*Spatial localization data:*

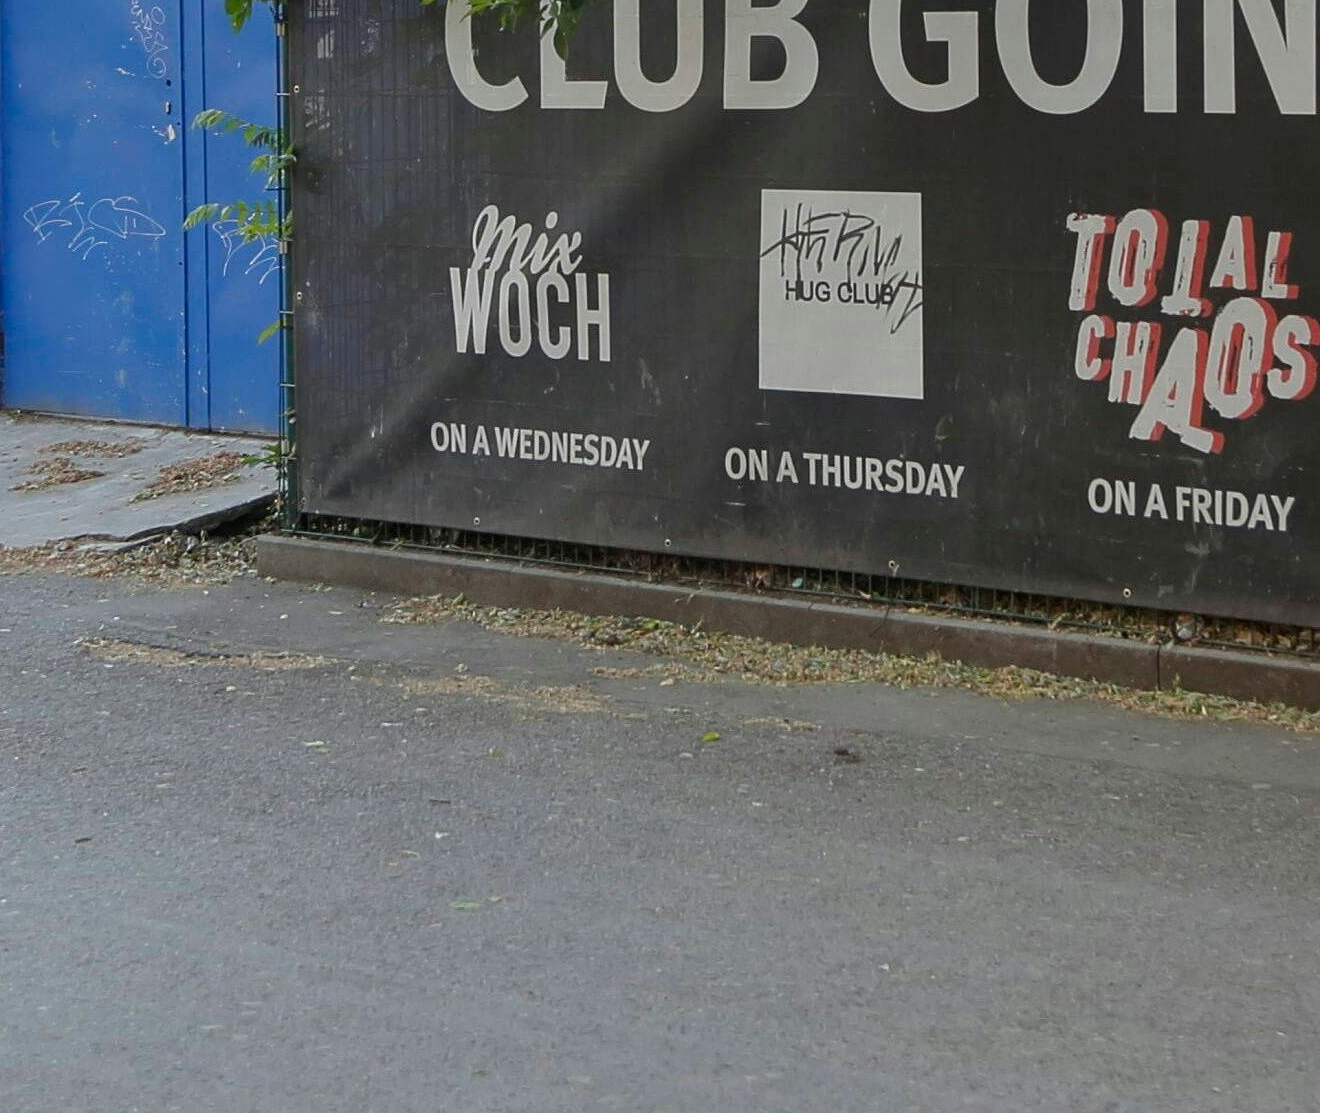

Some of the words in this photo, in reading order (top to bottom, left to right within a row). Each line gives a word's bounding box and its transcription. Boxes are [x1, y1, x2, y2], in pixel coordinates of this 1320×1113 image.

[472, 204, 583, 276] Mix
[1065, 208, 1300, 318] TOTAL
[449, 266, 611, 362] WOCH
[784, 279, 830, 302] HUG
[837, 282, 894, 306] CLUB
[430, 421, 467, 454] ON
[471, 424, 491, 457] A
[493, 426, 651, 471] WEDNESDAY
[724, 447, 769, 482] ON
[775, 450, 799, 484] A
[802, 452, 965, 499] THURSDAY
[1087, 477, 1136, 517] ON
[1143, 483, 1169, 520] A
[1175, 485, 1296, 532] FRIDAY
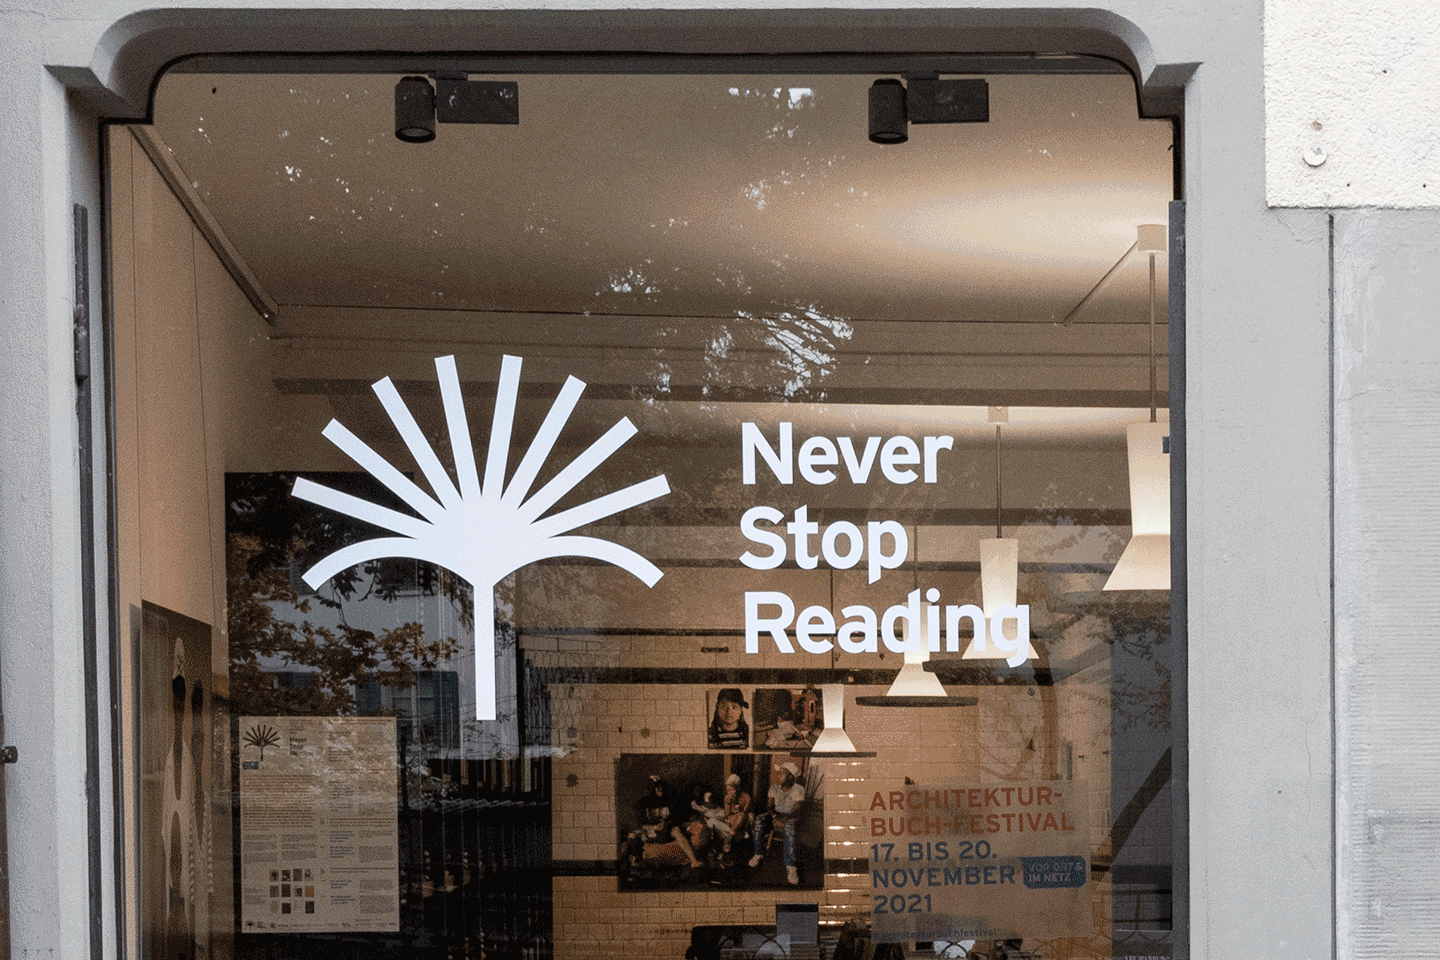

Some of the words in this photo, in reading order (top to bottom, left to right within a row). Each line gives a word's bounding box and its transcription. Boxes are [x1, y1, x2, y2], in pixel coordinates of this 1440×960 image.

*TASK BRIEF:*
The data is to be returned exactly as it stands, pictures aside.

*SOLUTION TO THIS EXERCISE:*
Some of the words in this photo, in reading order (top to bottom, left to right within a row). Each line gives a word's bounding box and its transcription. Boxes are [x1, y1, x2, y2], in pixel coordinates of this 1320×1113 image.

[472, 204, 583, 276] Mix
[1065, 208, 1300, 318] TOTAL
[449, 266, 611, 362] WOCH
[784, 279, 830, 302] HUG
[837, 282, 894, 306] CLUB
[430, 421, 467, 454] ON
[471, 424, 491, 457] A
[493, 426, 651, 471] WEDNESDAY
[724, 447, 769, 482] ON
[775, 450, 799, 484] A
[802, 452, 965, 499] THURSDAY
[1087, 477, 1136, 517] ON
[1143, 483, 1169, 520] A
[1175, 485, 1296, 532] FRIDAY

Some of the words in this photo, in reading order (top to bottom, left to right within a row). Each line gives a word's bounding box and its transcription. Boxes are [x1, y1, x2, y2], in pixel coordinates of this 1440×960 image.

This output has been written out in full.